Birmingham’s ‘no-detriment’ policy has let down final year students

Why should we be penalised for choosing to do all exams?


This academic year has not been a good one for university students, least of all final years. We had two rounds of strikes causing huge disruption to the education which we will have paid at least £30k to get. Coronavirus then struck, which has meant universities around the country have had to end teaching, close libraries and cancel exams. Given how much their students have paid to the university, throughout their degree, we are owed better and more than this. I feel like the University of Birmingham has let down its final year students in this time of crisis.

This is a result of their “no detriment policy” which only benefits people who’ve done a lot of coursework. Their policy states that rather than needing 120 credits to pass the year, you only need 80, and you can pick your best 80 credits. This means that students who completed coursework throughout the year can rely on this work to help them with their grades, but students who’s courses are exam based and those with a dissertation don’t have a safety net.

I chose to do all of my assessments in exams in the summer because I know I do better under exam pressure, given that I have a good work environment and access to the library and resources when I’m at uni. When I made this decision I obviously did not know about the strikes and the virus. All of the work which will be submitted, and therefore count towards my grade in my final year, will consequently be written during the lockdown as I’ve been told that I have to still do assessments. As a result of having to work in a house with my entire family and a young cousin who can’t return home to Italy, this is going to be pretty horrific. To make matters worse, the internet is incredibly poor at home. The teaching and instruction have been hugely hugely impacted, and this is on top of the emotional stress everyone is feeling as a result of the pandemic.

Yes, there are a great deal of people who are far worse affected than I, with loved ones dying and people losing their jobs. I also know that I am incredibly lucky to have a home where I have a desk (even if it is in the living room shared with my sister) and access to the internet. A large number of my fellow students are not so lucky, and are sharing their work space with much younger siblings, may have poorer internet, and nowhere suitable to work. Yet, they’re still held to the same expectations academically. The university has completely failed to take into account students from lower income families, and it is clearer in this situation than ever before. They have been more lenient than normal, saying we do not need to submit medical evidence for extenuating circumstances. But will this extend to the more everyday hardship that a lot of students will be put in upon returning back home?

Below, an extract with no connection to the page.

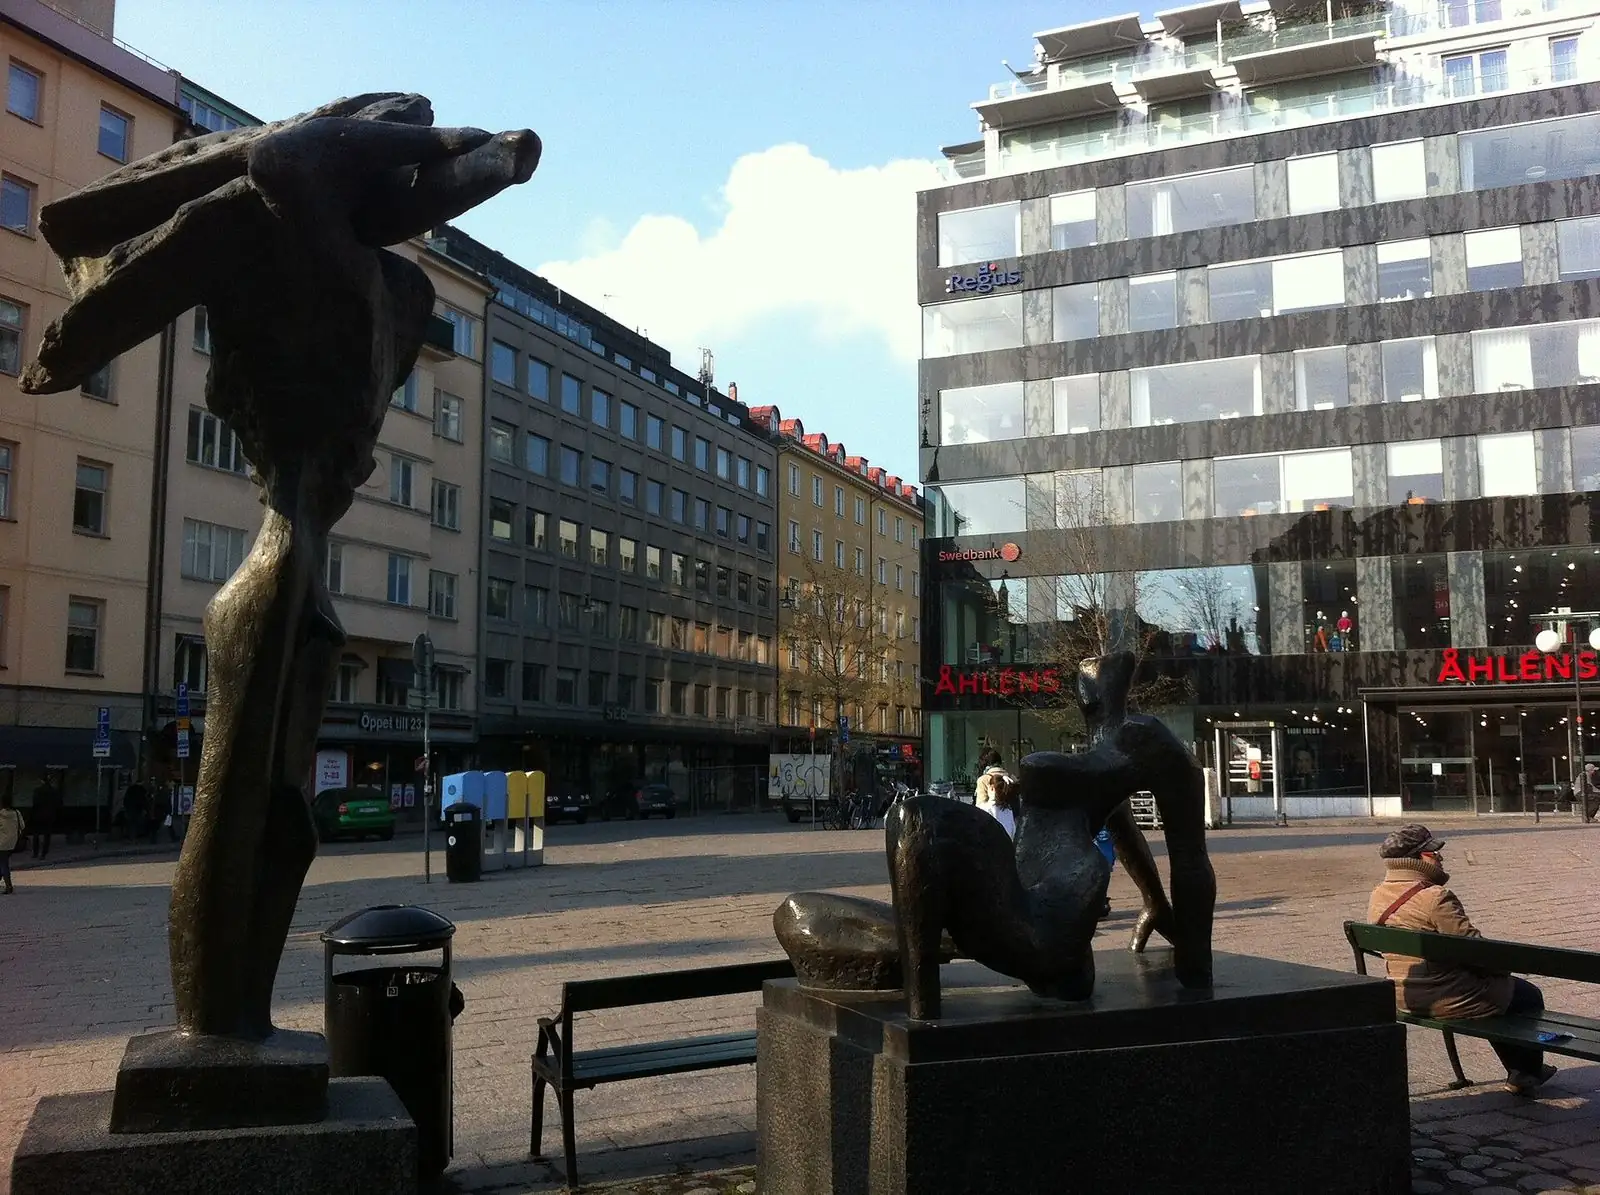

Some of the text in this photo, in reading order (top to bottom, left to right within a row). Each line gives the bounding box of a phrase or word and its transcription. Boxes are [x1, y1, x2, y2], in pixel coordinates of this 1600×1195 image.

This “no detriment” policy only will help a handful of students, and negatively affect the rest who don’t have coursework to support them and will definitely be producing work to a far lower quality as a result of everything that is going on. On top of the situation final years are having to complete their degree in, we are also painfully aware of the fact that now more than ever, we will be graduating into an economic recession, with our chances of being hired (the reason the vast majority of students go to uni) will be way slimmer, even if we had graduated with the results we deserve, let alone with the results we are likely to get now.

This is an impossible situation for everyone, including university staff, but I know that my dissertation will not be as good as I’d like it to be, and nor will my exams, and the university hasn’t taken that into account. Spending four years at Birmingham coping with mental health struggles, like many students, then getting to this point – it feels like that was all for nothing. A “no detriment” policy should mean no detriment for the work done in a period like this. Surely the thing to do would be to look at a student’s grade in their other years, and assure them that whatever happens, their graduating grades can not go below this?